Он смотрел на нее глазами хлопчика Петрика. До чего же изменилась Стефа! Десять лет назад она казалась ему очень высокой, и потому Петро часто не решался взглянуть ей в лицо: ведь для этого нужно было задирать голову и лишний раз показывать, до чего он еще мал ростом…
— Боже, как давно я тебя не видела, Петрик! И каким же ты стал великаном! — теперь уже она снизу вверх заглядывала ему в лицо.
Вошла Наталка, вконец смутившая Петра, так как память лукаво напомнила тот осенний день, незадолго до первого снега, когда они втроем — Кремнев, Наталка и Петро, гуляя, остановились у развалин Высокого Замка.
— Смотри, Петрик, какая-то Стефа увековечила свое имя на каменной стене! — крикнула тогда Наталка.
— Это сделал мальчик, — сказал Петро.
— Да нет же, — возразила Наталка, — разве «Стефа» мужское имя?
— Но я… я даже знаю того мальчишку, который, едва не свернув себе шею, полез и высек это имя, — признался Петро.
— Все ясно, — прищурилась Наталка.
— Что ясно? — засмеялся Петро, уловив улыбку на посвежевшем от прогулки лице Кремнева.
— Все ясно, — упрямо повторила девочка, но что ей было ясно, она так и не сказала…
— Как же ты, Йоська, мог меня не предупредить? — укоризненно посмотрел Петро на друга. — Я бы убрал тут, принарядился…
— Все нити заговора в руках Олеся, — кивнул Иосиф в сторону двери.
— Каюсь!

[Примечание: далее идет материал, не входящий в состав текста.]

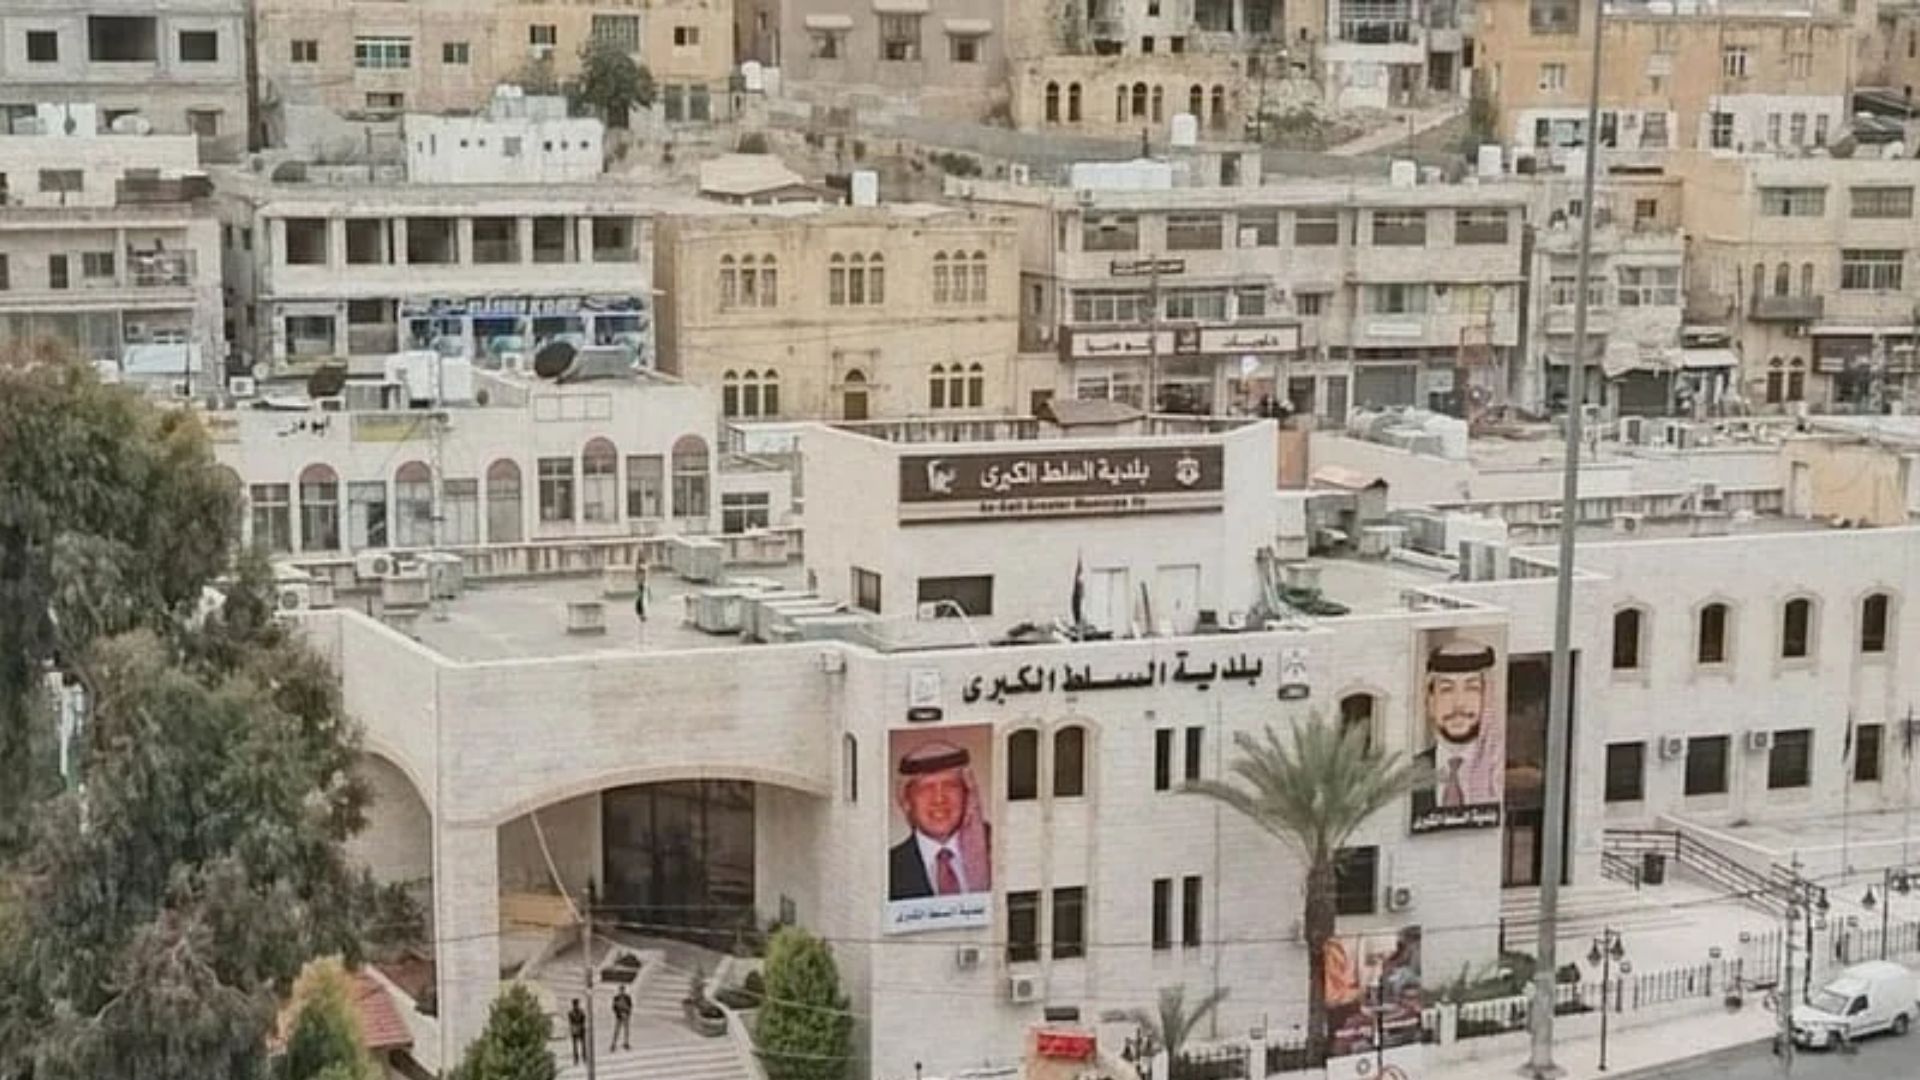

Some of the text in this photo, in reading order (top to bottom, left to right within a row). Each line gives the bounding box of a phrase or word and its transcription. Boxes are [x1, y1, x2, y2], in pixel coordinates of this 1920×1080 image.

[980, 457, 1150, 492] بلدية السلط الكبرى
[962, 664, 1056, 704] الكبرى
[1062, 660, 1166, 693] السلط
[1171, 651, 1263, 693] بلدية

Виноват! — шагнул из-за двери Олесь, ведя за руку краснощекого человечка лет пяти.
— Тарасик! — подхватил на руки мальчугана Петро и подбросил над своей головой.

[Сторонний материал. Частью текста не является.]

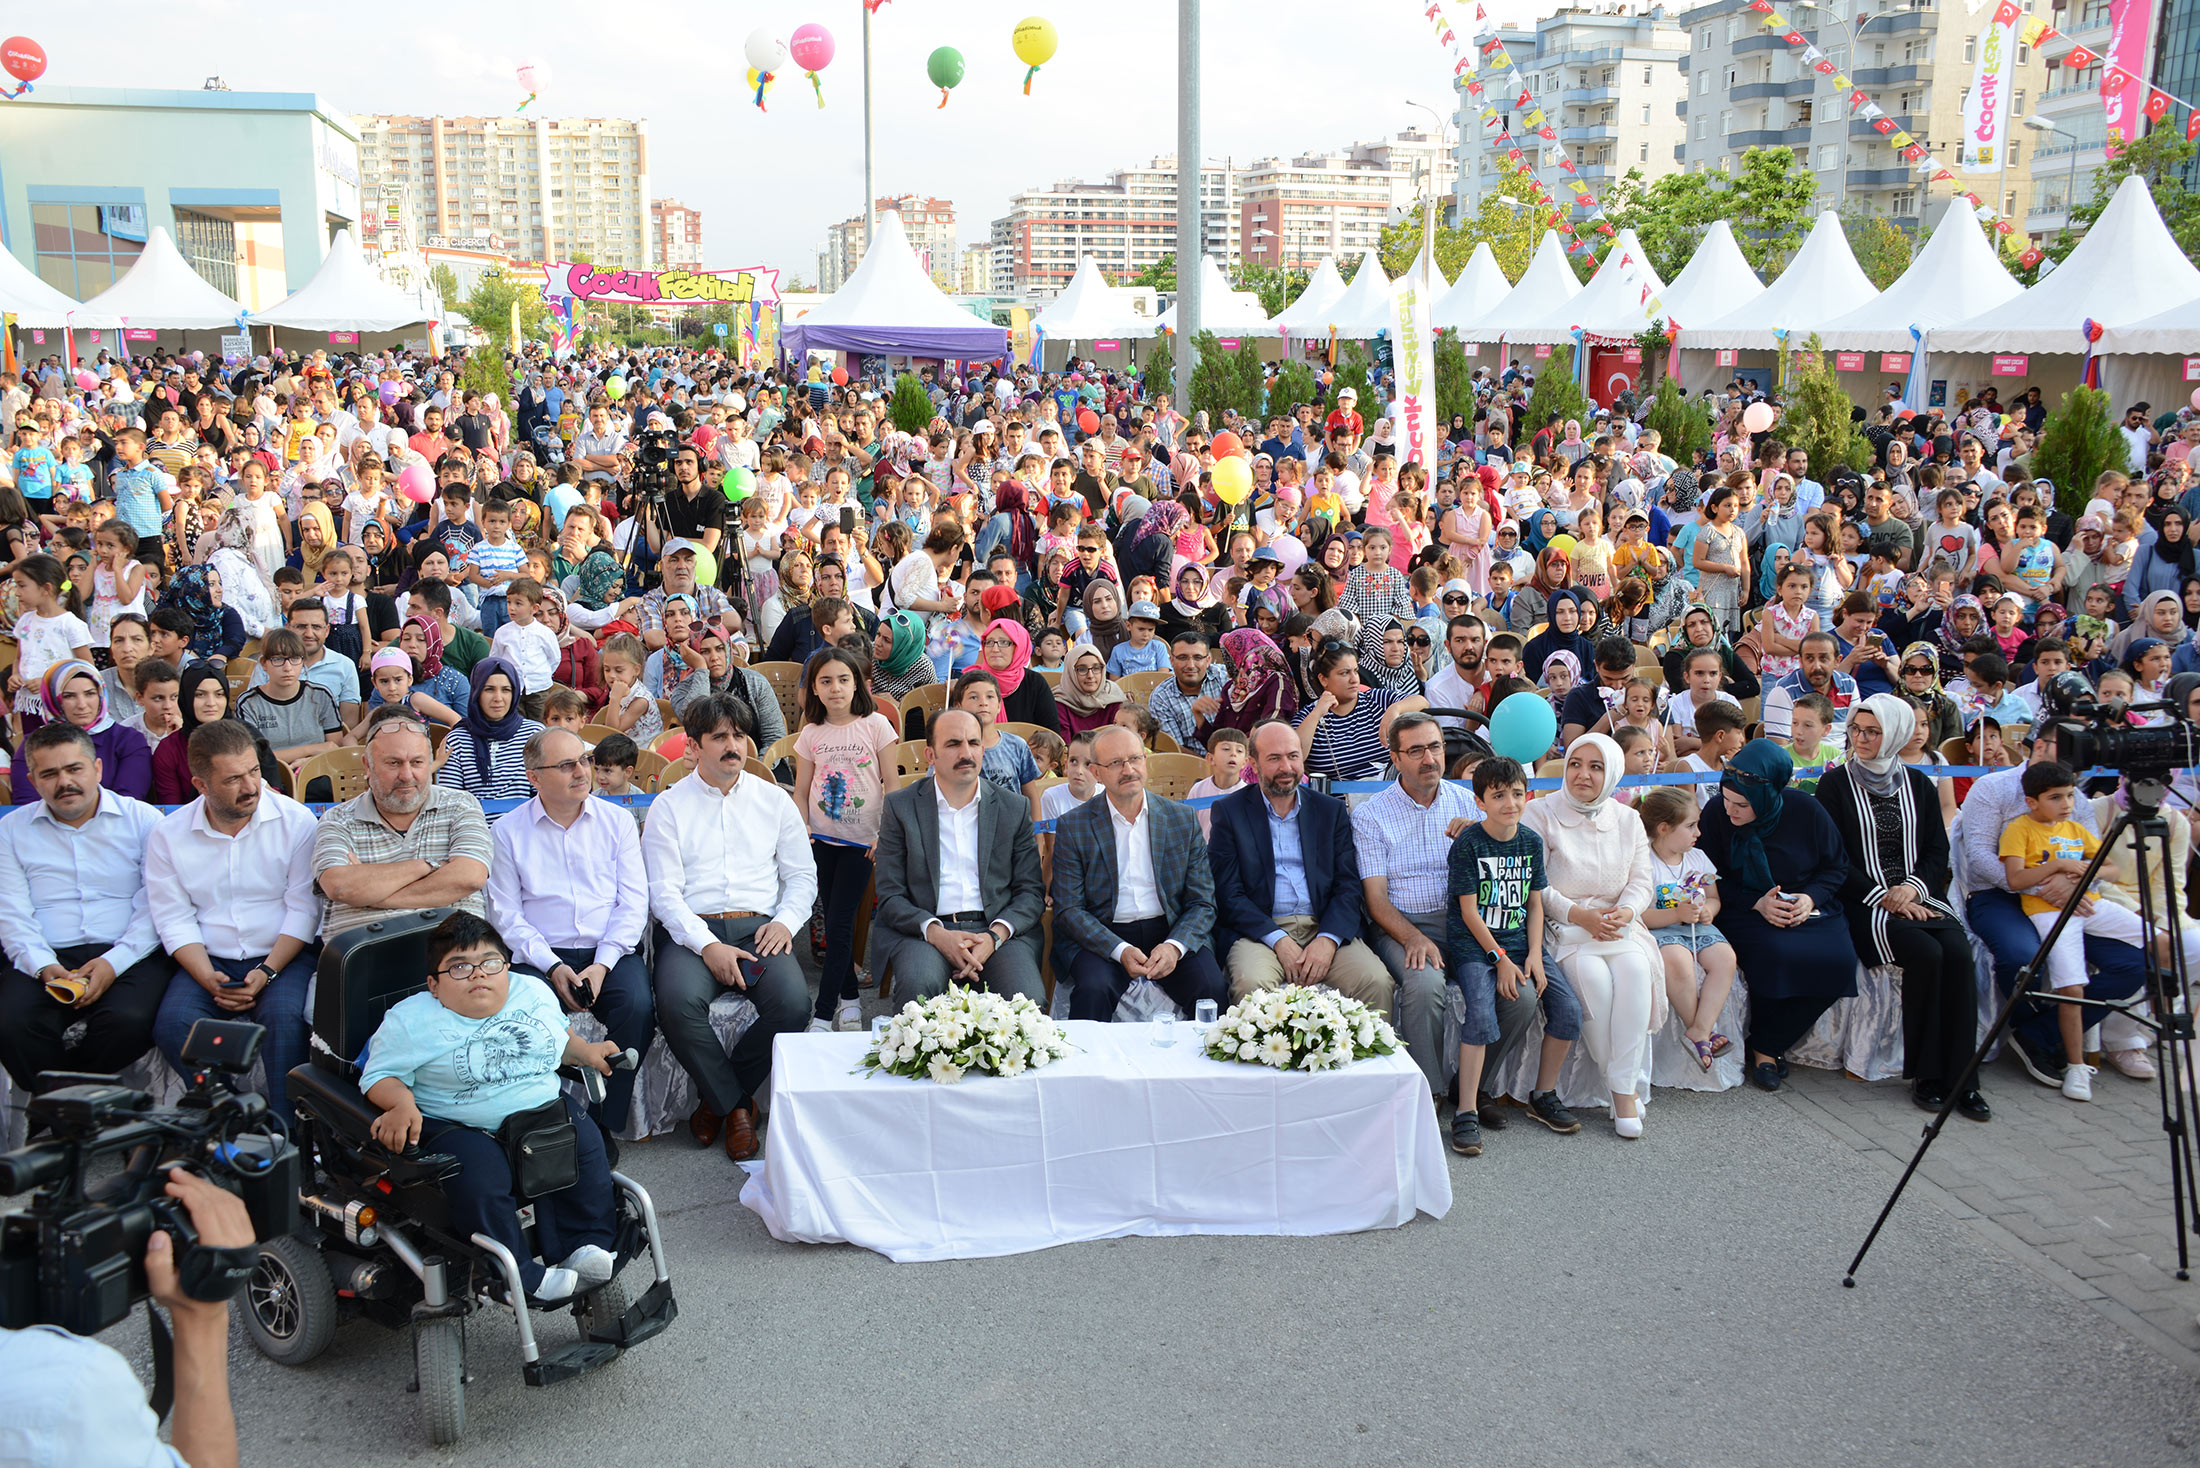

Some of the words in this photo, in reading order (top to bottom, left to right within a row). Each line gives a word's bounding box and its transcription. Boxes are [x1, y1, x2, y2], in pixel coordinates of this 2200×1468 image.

[593, 264, 624, 276] Konya
[567, 263, 663, 301] Çocuk
[656, 271, 756, 303] Festivali
[1579, 573, 1606, 587] POWER
[816, 743, 864, 756] Eternity
[1498, 855, 1533, 868] DON'T
[1498, 867, 1533, 880] PANIC
[1478, 880, 1532, 908] SHARK

— Дядя, вы откуда знаете, как меня зовут? — деловито осведомился маленький гость. У него серые Стефины глаза, оттененные длинными, прямыми, как лучи, ресницами. Он смотрит на Петра серьезно и вопросительно.
Но Петро не успевает рта открыть. Входит Мирослава Борисовна, растерянно-смущенная. Она ведь просила гостей зайти к ней, пусть бы Петро успел привести себя в «божеский вид».
— Да, да, — засуетился Петро, выпроваживая всех, — дайте мне возможность побриться и вновь предстать перед вами молодым и красивым.
После ужина мужчины задымили, и женщины ушли в комнату Мирославы Борисовны.
— Знал бы я, какой подлец заварил эту историю, морду бы набил! — вдруг с мальчишеским азартом сжал кулаки Олесь.
— Нет, друг мой, это не выход, — помрачнел Юрий.
— Ты, конечно, прав, — лицо Олеся стало задумчивым. — Слов нет, там у вас люди умные, разберутся. Ведь на свете она одна — правда! Только в моей голове никак не укладывается: как же это?.. Ведь записку мог написать только коммунист?.. Почему же он побоялся открыть свое лицо? Да и вообще, откуда все это мог он узнать?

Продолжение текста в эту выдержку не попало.